I'm looking for info re people who have been placed in resi care having been discharged from a s3 MHA 1983 order. I'm sure that I have read somewhere that in this circumstance s117 is applicable for the whole package of care. I'm doing some s117 reviews and a manager is arguing that meds like psychotropics, lithium, anti-depressants and the like (mental health medication) are s117 eligible whilst more general meds are not so if a service user with lets say severe arthritis and alzhiemer's is discharged from a s3 order to a resi placement. For the sake of argument lets say they have methatrexate for the arthritis is this covered by s117 aftercare as a part of the overall package? Is it covered only if they are also having meds for the Alzhiemer's or is it just not coverd by s117 provisons at all?
If anybody can also point me to case law (as s117 is a bit of a minefield) that would be especially welcome.
Regards
Barry.
See DH NHS continuing healthcare practice guide para 4.13 'the individual might have or develop physical health needs which are distinct from the section 117 needs, and which separately constitute a primary health need'
See DH NHS continuing healthcare practice guide para 4.13
'the individual might have or develop physical health needs which are distinct from the section 117 needs, and which separately constitute a primary health need'
You have to decide that if P did not have the treatment/care would this have an adverse effect on his mental health and/or might it lead to a readmission to a MH unit; if so it could be covered by 117 if not it probably isn't.

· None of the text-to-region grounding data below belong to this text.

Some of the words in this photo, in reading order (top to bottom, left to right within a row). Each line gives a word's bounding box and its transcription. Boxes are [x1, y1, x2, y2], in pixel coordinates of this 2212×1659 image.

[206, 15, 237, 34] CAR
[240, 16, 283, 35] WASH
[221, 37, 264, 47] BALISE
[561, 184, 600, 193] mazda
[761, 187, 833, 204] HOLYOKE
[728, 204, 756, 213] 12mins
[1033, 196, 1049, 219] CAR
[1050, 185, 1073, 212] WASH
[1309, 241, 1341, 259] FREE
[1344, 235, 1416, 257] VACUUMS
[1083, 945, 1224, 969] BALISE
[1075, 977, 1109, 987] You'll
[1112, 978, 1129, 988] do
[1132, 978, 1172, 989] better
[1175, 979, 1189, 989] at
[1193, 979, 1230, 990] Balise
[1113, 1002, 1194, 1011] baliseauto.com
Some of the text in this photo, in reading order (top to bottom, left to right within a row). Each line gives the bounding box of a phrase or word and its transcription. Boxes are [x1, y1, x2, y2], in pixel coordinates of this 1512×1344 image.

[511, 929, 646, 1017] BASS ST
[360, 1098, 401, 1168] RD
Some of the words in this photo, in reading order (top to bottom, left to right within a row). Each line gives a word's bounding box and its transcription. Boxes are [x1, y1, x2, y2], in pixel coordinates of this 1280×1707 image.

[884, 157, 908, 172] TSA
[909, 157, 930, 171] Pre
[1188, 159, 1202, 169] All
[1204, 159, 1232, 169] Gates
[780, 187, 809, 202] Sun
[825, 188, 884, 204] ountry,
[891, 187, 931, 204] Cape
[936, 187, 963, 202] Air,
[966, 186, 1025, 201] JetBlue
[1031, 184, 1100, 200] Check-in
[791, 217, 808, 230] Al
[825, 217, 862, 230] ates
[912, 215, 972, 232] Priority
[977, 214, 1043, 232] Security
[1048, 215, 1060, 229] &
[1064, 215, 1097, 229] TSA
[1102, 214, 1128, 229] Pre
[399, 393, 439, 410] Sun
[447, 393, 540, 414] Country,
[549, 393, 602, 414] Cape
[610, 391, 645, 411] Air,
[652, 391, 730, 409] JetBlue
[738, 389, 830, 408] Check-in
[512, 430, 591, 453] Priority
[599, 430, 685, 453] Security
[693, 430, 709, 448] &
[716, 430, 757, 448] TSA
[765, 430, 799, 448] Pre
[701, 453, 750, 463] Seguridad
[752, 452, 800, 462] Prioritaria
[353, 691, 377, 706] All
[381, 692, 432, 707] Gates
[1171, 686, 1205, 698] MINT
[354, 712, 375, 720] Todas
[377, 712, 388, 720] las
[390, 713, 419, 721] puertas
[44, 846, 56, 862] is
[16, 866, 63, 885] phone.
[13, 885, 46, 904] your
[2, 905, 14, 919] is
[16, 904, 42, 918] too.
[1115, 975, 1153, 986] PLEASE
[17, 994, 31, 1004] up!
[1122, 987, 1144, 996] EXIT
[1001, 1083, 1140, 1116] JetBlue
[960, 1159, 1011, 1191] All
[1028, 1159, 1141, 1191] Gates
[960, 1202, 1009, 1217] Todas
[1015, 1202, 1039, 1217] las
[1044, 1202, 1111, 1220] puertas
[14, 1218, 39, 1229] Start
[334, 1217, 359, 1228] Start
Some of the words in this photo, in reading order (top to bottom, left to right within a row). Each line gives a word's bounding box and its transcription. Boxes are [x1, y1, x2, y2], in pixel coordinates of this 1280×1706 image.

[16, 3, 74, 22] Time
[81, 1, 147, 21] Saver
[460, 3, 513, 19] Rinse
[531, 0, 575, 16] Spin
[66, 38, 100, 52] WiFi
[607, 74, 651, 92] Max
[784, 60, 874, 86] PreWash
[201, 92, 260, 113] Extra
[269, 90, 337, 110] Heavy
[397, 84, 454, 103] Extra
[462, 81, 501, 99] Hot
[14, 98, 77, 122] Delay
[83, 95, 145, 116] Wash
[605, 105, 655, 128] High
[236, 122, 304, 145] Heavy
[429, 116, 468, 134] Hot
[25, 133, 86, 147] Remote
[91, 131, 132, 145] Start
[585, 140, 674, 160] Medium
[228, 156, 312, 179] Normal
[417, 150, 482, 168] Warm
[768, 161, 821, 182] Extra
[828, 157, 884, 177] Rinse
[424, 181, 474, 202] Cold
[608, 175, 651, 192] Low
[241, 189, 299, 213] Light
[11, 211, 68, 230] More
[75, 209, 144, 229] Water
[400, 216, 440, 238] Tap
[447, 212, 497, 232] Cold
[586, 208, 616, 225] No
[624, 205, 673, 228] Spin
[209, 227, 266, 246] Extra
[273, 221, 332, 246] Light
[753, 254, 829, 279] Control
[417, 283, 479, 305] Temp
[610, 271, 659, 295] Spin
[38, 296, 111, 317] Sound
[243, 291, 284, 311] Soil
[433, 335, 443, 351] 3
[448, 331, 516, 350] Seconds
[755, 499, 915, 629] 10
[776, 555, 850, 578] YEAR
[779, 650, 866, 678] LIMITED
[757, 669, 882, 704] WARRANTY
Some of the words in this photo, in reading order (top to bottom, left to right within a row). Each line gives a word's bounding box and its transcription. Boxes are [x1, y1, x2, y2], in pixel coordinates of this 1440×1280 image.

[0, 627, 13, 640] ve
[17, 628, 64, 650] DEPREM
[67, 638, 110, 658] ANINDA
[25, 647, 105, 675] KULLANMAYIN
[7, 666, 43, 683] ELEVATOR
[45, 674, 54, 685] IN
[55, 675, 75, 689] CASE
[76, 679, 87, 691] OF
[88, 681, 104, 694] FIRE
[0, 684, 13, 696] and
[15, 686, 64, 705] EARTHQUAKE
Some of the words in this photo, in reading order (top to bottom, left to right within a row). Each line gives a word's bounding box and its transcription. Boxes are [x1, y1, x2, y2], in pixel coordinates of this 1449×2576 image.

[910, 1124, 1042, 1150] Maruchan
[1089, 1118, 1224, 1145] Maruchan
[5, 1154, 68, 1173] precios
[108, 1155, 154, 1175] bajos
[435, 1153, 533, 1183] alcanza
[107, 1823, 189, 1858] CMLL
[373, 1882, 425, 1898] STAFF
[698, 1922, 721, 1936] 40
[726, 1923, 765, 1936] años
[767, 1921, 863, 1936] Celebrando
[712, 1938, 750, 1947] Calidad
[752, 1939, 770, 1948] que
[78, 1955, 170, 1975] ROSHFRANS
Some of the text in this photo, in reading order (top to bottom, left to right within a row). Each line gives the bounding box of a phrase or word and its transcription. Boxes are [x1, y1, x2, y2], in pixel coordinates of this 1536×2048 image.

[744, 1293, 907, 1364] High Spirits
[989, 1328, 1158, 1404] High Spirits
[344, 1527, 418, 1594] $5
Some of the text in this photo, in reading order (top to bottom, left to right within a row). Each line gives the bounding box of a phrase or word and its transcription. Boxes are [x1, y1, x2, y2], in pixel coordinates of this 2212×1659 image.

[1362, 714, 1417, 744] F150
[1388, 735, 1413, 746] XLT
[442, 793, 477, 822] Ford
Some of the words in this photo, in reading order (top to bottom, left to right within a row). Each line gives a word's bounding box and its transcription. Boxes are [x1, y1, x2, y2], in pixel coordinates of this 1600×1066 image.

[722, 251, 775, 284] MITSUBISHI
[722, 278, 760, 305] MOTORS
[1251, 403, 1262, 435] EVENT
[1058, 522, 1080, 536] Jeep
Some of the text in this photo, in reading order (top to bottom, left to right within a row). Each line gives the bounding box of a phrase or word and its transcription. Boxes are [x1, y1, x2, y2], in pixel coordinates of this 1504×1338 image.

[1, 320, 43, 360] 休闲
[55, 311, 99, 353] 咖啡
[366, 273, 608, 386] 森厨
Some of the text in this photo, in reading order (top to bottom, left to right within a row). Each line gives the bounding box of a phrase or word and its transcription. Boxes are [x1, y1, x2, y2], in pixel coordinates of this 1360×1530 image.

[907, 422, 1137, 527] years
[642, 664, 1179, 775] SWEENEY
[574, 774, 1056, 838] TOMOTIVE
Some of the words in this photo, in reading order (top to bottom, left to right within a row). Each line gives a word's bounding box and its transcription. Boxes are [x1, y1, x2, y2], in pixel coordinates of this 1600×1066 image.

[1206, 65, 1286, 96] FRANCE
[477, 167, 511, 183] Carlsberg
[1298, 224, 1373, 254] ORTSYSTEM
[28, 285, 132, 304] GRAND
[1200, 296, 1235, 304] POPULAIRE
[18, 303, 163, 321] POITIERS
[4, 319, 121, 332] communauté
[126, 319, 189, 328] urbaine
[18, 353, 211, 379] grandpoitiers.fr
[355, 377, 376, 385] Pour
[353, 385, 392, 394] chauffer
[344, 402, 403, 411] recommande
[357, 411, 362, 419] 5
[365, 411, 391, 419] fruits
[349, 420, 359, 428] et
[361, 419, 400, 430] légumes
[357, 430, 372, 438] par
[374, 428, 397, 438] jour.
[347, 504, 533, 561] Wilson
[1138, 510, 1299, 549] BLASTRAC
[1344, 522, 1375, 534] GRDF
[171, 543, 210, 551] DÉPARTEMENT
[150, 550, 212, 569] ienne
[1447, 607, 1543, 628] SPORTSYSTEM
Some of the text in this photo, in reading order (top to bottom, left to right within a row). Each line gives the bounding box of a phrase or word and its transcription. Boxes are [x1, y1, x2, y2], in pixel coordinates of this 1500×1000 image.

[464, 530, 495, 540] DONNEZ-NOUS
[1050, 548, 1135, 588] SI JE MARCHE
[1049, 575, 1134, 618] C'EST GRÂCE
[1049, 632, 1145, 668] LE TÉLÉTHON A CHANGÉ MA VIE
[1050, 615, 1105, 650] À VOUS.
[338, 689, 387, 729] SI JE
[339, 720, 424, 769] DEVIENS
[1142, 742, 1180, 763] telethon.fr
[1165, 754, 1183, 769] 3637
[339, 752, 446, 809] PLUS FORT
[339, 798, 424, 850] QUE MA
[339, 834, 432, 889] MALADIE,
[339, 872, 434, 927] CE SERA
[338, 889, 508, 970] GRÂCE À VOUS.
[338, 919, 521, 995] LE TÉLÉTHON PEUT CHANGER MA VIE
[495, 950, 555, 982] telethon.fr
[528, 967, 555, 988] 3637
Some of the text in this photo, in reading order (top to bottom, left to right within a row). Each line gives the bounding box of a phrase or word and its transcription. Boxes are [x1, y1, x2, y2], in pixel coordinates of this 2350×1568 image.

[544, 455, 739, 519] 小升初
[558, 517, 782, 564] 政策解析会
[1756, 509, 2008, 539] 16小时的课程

In Stennett aftercare is defined:
In Clunis v Camden and Islington Health Authority [1998] QB 978, 992 Beldam LJ observed on behalf of the Court of Appeal:
"After-care services are not defined in the Act of 1983. They would normally include social work, support in helping the ex-patient with problems of employment, accommodation or family relationships, the provision of domiciliary services and the use of day centre and residential facilities."
It is common ground that this was a correct description. It is agreed that caring residential accommodation is within the scope of section 117(2).
Although there is case law on who is responsible I don't know of any case law, after Stennett, that considers what comes under 117 and what doesn't. But perhaps someone else does.